I started to read Meg Cabot‘s Princess Diaries series after seeing the Anne Hathaway movie when it came out in 2001. I think I read roughly 4-5 of the books in the series and then fell off the bandwagon. I LOVED the movie and I enjoyed the books, but the books were different and more complex than the movie. However, the main plot is more or less the same. Mia Thermopolis, standard nerd, finds out she’s a princess when her prim and proper grandmother comes to visit. Mia’s father can no longer have children because of his battle against testicular cancer, and Mia is his heir. Mia’s parents kept the truth from her after they split up, hoping her dad would marry and have “legitimate” children to succeed him, saving Mia from the abnormal and stressful life of a royal. You would think it’s every girl’s dream to be a princess, but Mia would vehemently disagree. She struggles with sharing the news with her best friend Lilly Moscovitz, and rising to the challenge of being a princess. Grandmère gives Mia princess lessons to help her learn how to behave like a princess and prepare her for her duties as Princess of Genovia. Simple premise, enjoyable book.
Childhood Rating: 5 out of 5 tiaras
Okay, maybe the movie influenced my memories more than I thought. All of the above is true, except Mia’s dad, not her grandmother, tells her she’s a princess. Tall, flat-chested, awkward Mia desperately wants to hide her status as a princess, especially from Lilly. Lilly, the daughter of psychologists, is always psychoanalyzing Mia and telling her what to do and what to believe, and has an unfavorable view of monarchies. Mia’s terrified Lilly will berate her for being the heir to a sovereignty and stop being her friend. She also doesn’t want to be the center of attention at school, where she already stands out like a sore thumb and faces bullying from her crush Josh’s girlfriend, Lana. Lilly has already become critical of how much time Mia’s been spending with her grandmother, getting a makeover that turns her into a fashionable “Lana clone”, unaware it’s part of Mia’s training to be a princess. Mia has enough to worry about, being the only girl in school without a date to the Cultural Diversity Dance. The last thing she wants to worry about is etiquette and fashion. Of course, Mia’s secret gets out and her prediction of Lilly’s reaction comes true, causing a rift between the friends. Mia starts to hang out with Tina Hakim Baba, another outcast who has a bodyguard because her dad is a wealthy Saudi Arabian oil tycoon. Soon, the popular kids start to pay more attention to Mia and she gets her first lesson in being a princess: know who your true friends are.

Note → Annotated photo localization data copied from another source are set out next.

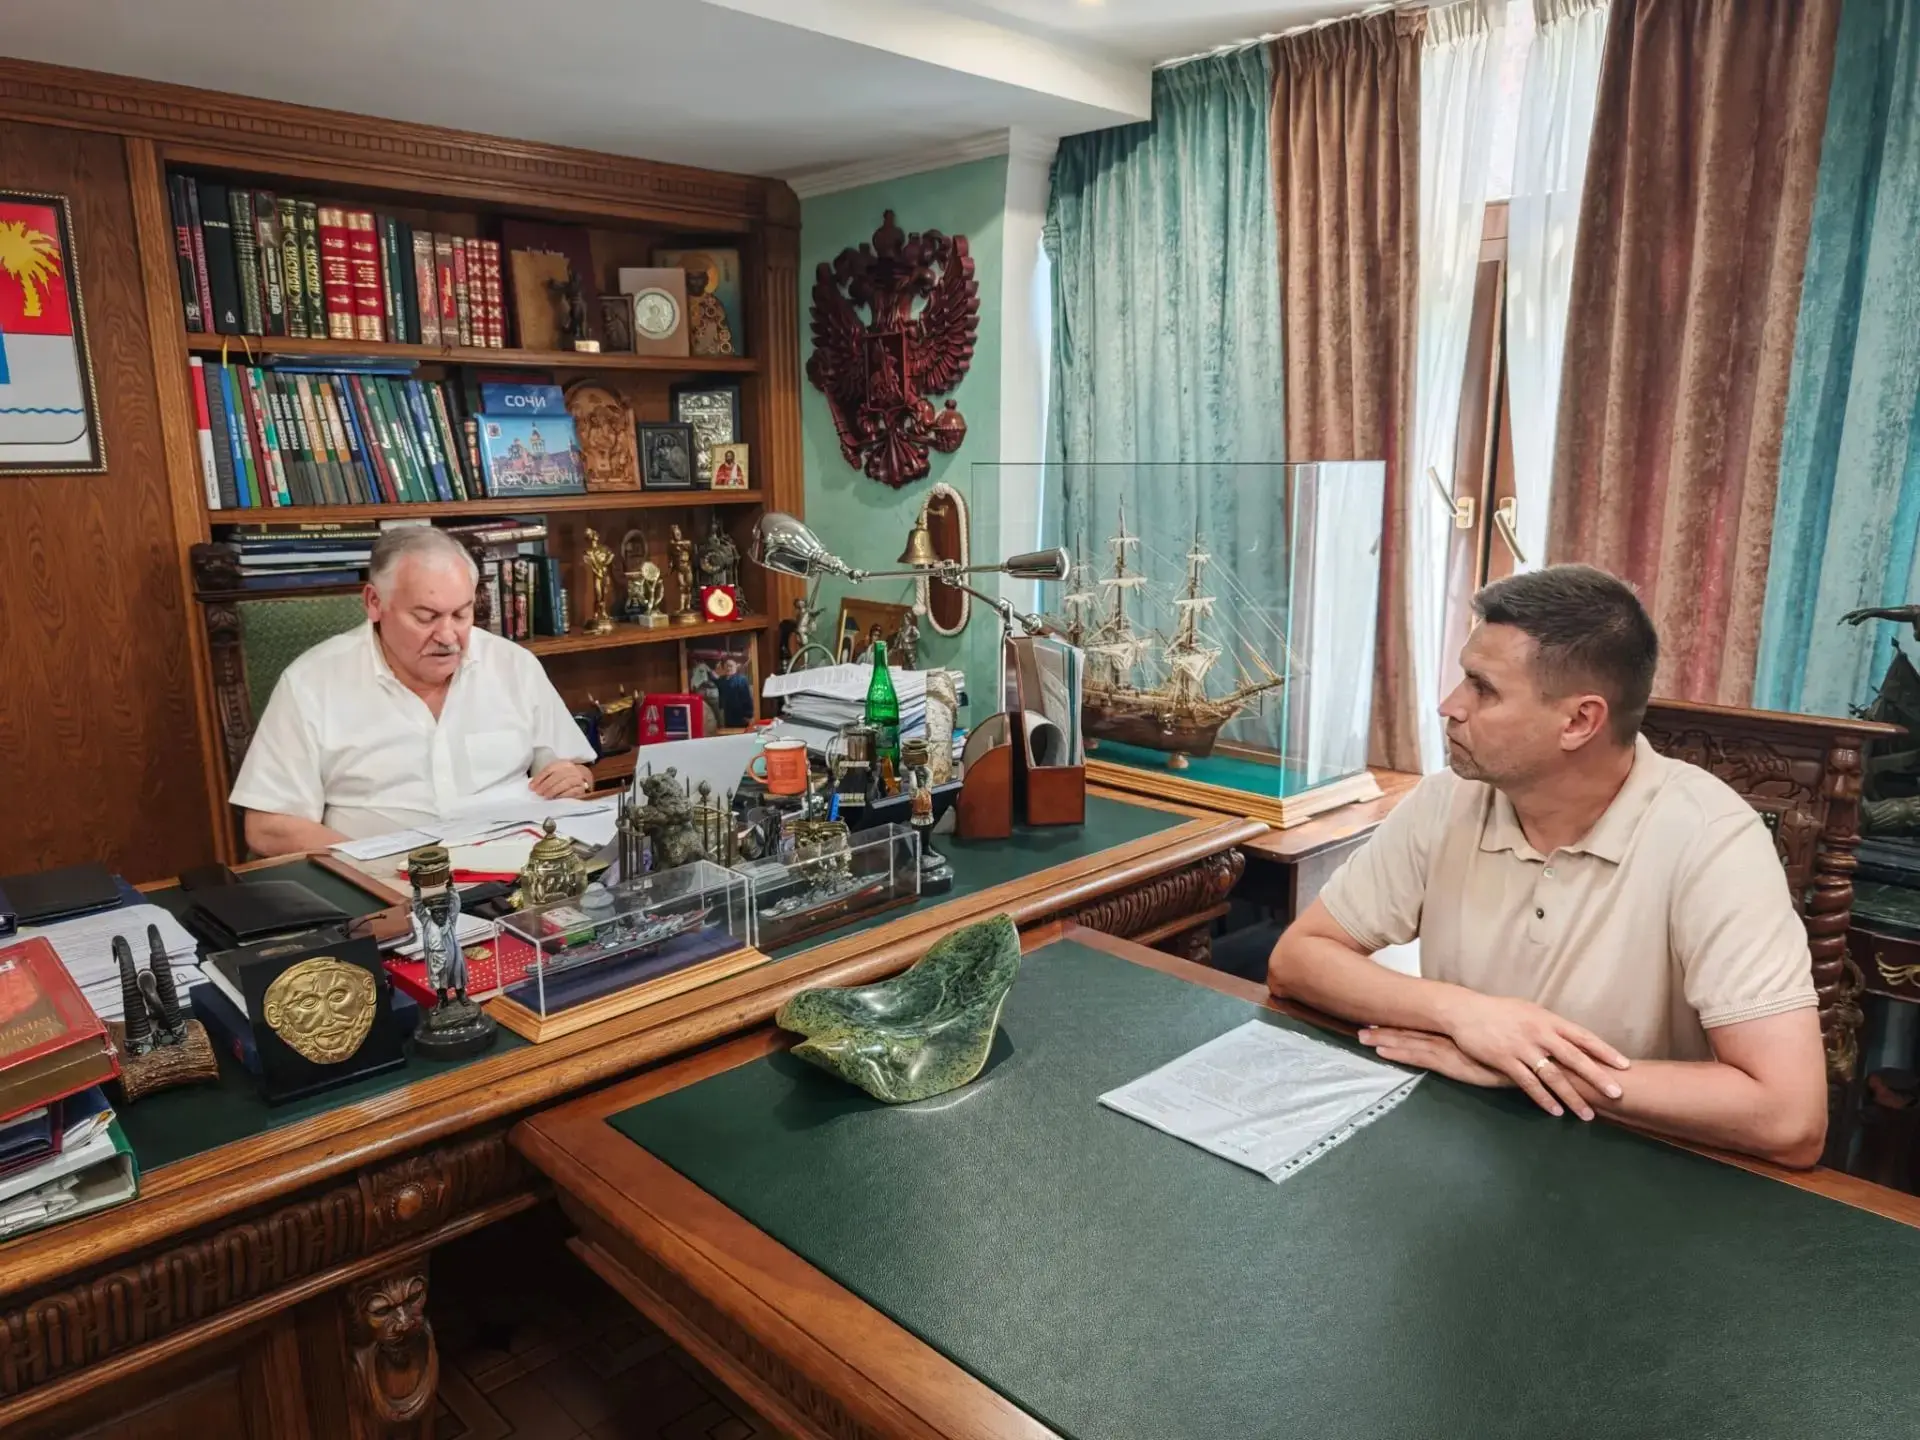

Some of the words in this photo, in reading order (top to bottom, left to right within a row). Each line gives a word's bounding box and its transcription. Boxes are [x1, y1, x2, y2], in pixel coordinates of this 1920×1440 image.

[285, 246, 300, 292] АБХАЗИЯ
[306, 249, 320, 294] АБХАЗИЯ
[504, 395, 546, 407] СОЧИ
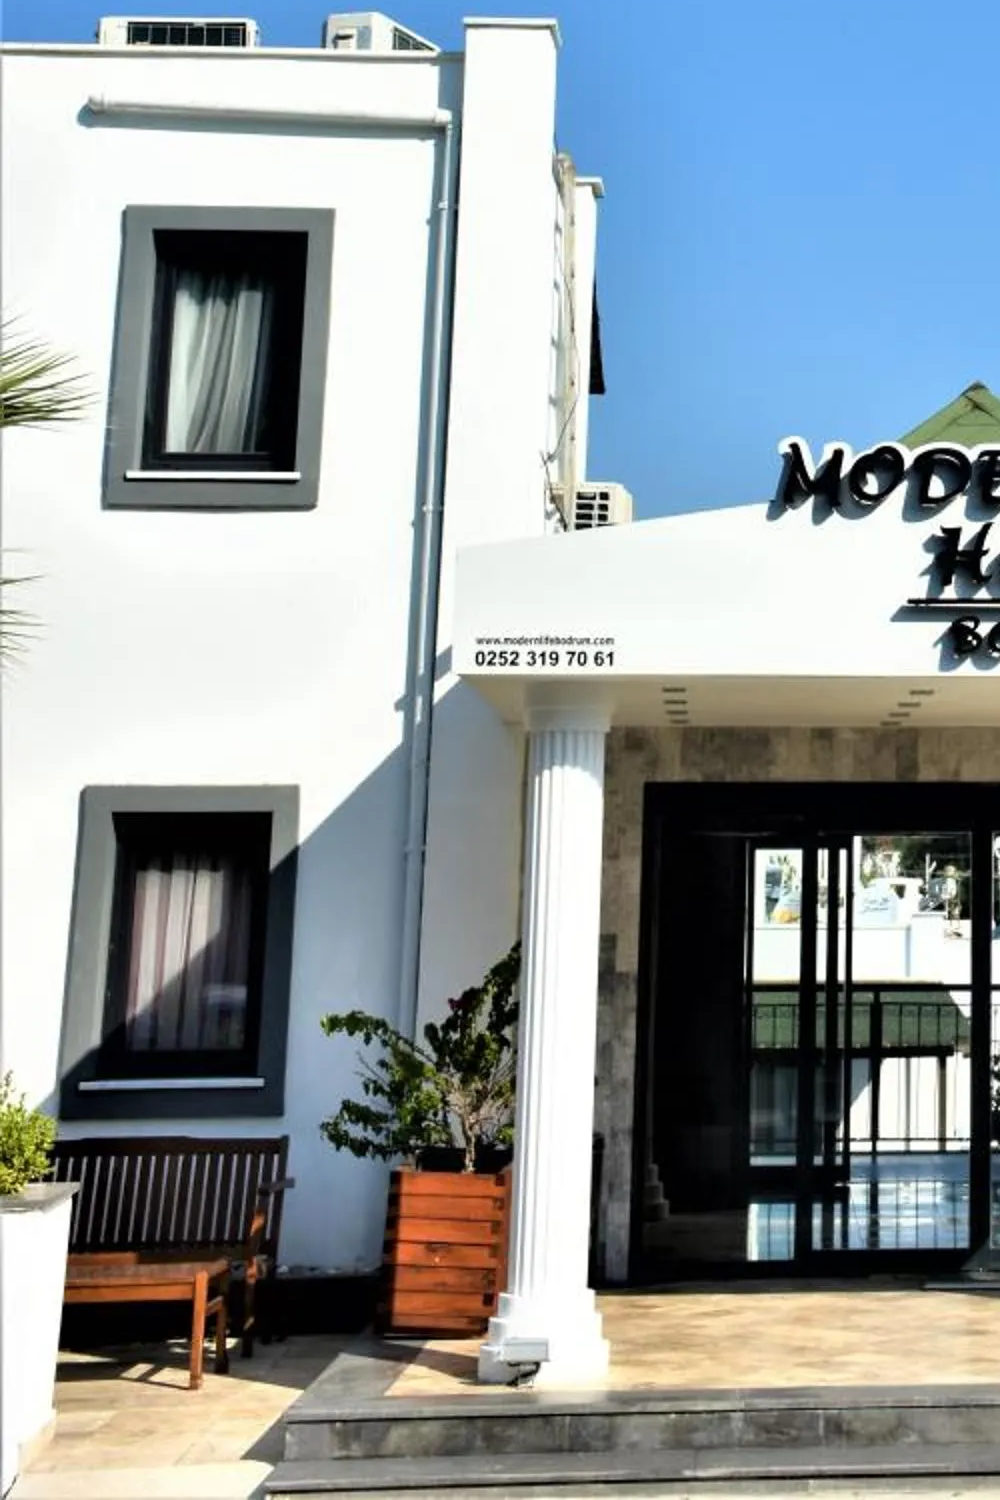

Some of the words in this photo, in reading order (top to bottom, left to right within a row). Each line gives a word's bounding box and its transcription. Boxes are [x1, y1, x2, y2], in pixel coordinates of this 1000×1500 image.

[475, 635, 615, 646] www.modernlifebodrum.com
[475, 650, 519, 667] 0252
[526, 650, 559, 667] 319
[566, 650, 588, 667] 70
[593, 650, 615, 667] 61
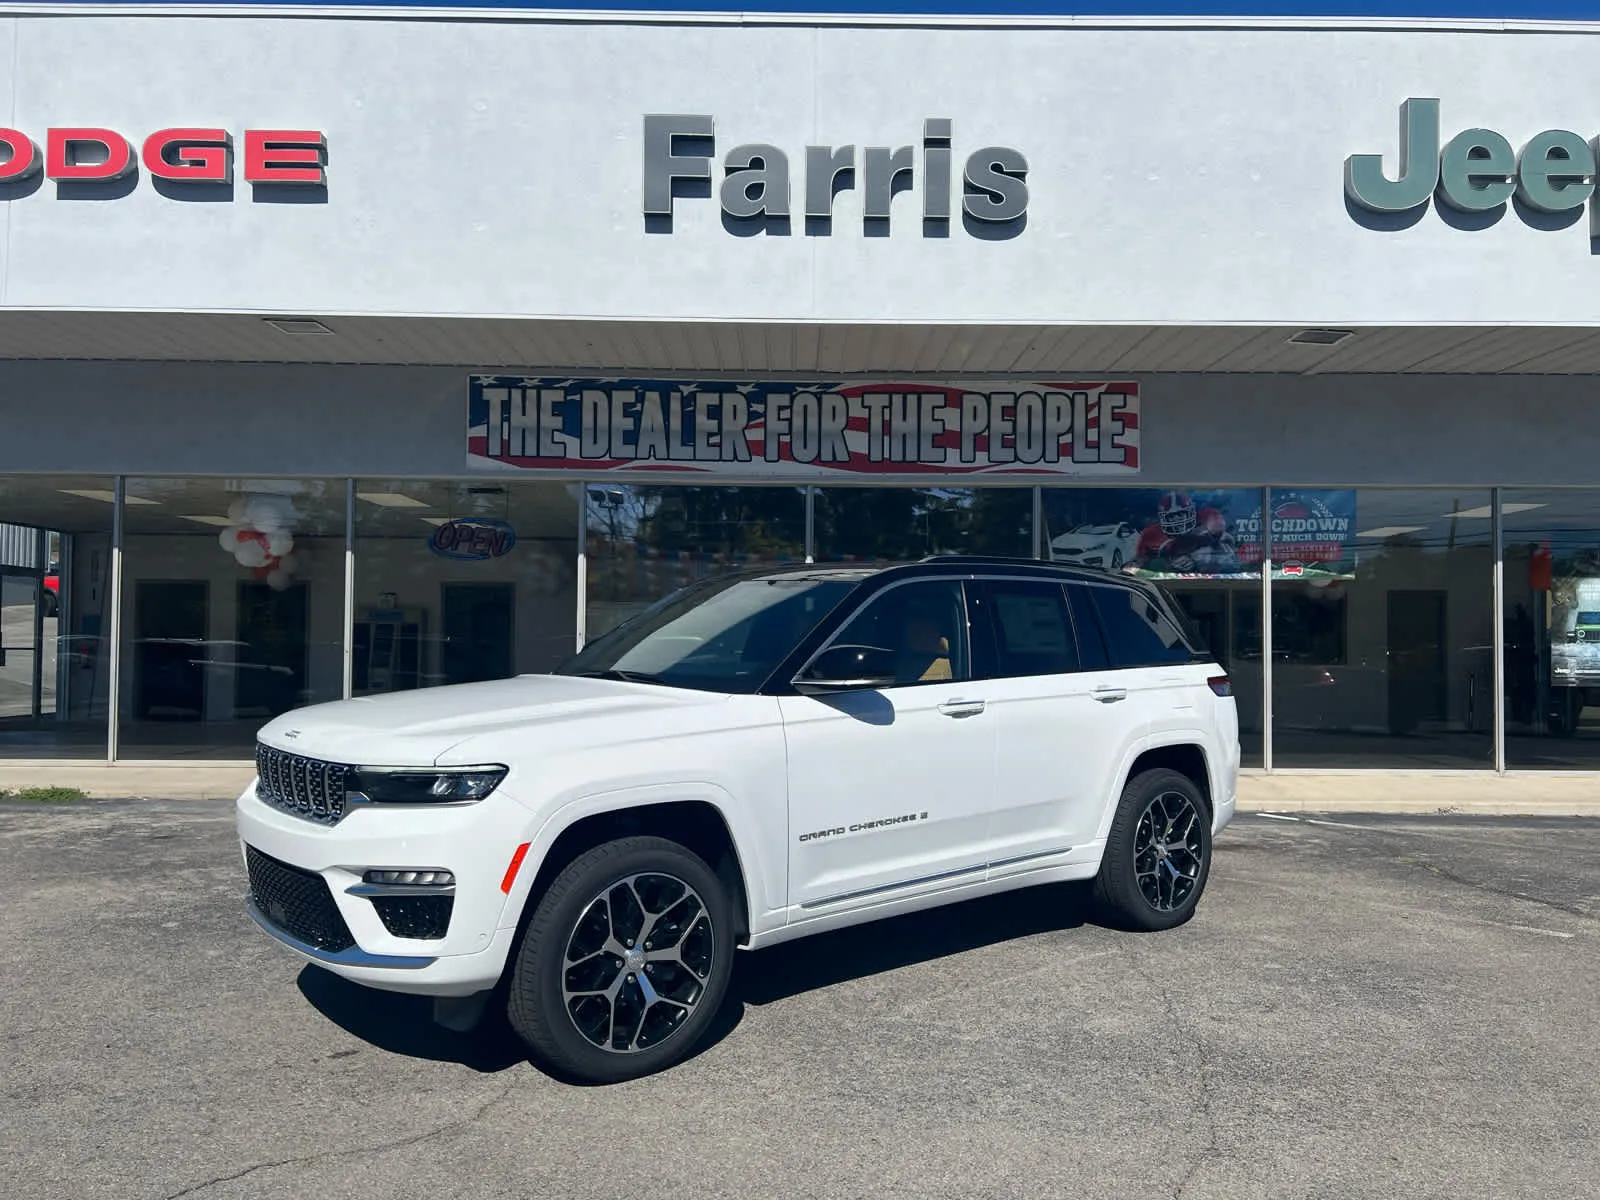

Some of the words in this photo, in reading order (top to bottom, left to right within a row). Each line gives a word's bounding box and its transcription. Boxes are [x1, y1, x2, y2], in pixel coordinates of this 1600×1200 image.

[642, 113, 1029, 222] Farris
[1344, 97, 1600, 240] Jee
[482, 386, 568, 459] THE
[580, 388, 752, 462] DEALER
[763, 391, 850, 464] FOR
[862, 392, 949, 463] THE
[960, 391, 1128, 464] PEOPLE
[435, 521, 506, 557] OPEN
[1236, 518, 1349, 532] TOCHDOWN
[799, 827, 846, 841] GRAND
[849, 814, 917, 831] CHEROKEE
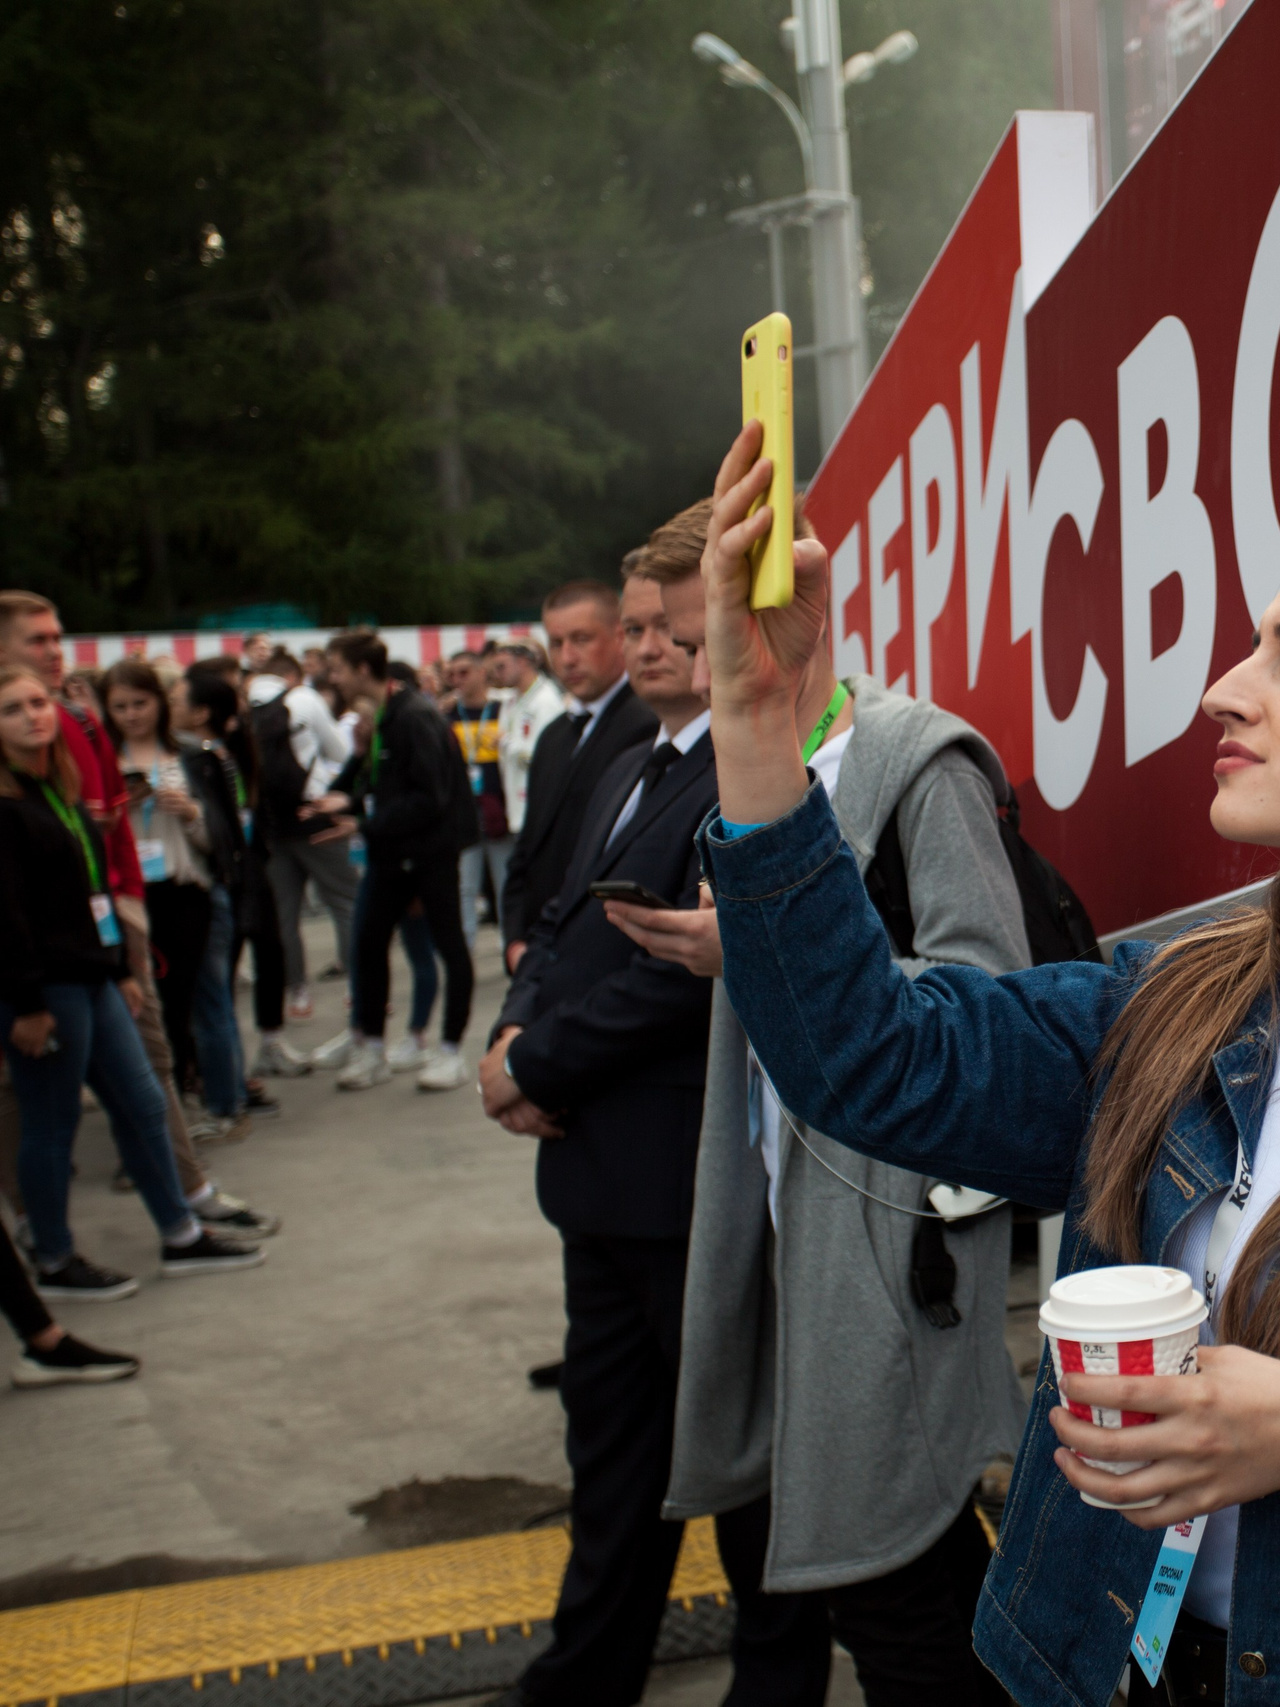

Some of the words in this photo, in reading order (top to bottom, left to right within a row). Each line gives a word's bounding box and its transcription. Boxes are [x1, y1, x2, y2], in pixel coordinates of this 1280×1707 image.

[815, 711, 834, 736] KFC
[1229, 1157, 1252, 1211] KFC
[1158, 1564, 1184, 1581] ПЕРСОНАЛ

This was fun to Reread because I forgot how funny Mia is. The Princess Diaries series is similar to Megan McCafferty’s Jessica Darling series, except Mia is a younger, slightly less snarky version of Jessica. Mia is self-deprecating and makes hilarious observations about what’s going on around her, including getting grossed out about the implications of her algebra teacher sleeping over after going on a date with her mom. Mia and Lilly are intelligent girls, even though Mia might be failing Algebra, and it’s fun to read Lilly psychoanalyzing Mia right down to the bone and Mia being too young and naïve to realize how spot-on her friend’s observations are. Lilly’s brother Michael obviously has a crush on Mia, who’s making the typical teen girl mistake of pining for the hot-but-intellectually-unstimulating popular boy. By the end of the book, she’s finally catching on, but nothing major happens between them yet. I appreciated that the book depicted Lilly and Mia discussing sex, like typical 14-year-olds who are curious in the midst of a hormonal hurricane. I always wonder which YA novels are going to accurately depict teen’s views of sex, and love it when they get it right.
Mia’s grandmother is very different from the lovely Julie Andrews in the movie. In the movie, Mia’s grandma is prim and proper but learns to loosen up with Mia’s help, and always has Mia’s best interests at heart. In the book, Mia’s grandma is obsessed with image, critical, and puts Mia’s public image over her well-being. I remembered she wasn’t as sweet as the movie version, but I forgot how foul Grandmère actually was! Some of the references are dated, being written in 2000, but it brought me right back to high school. It was a light, fun trip back to the early aughts.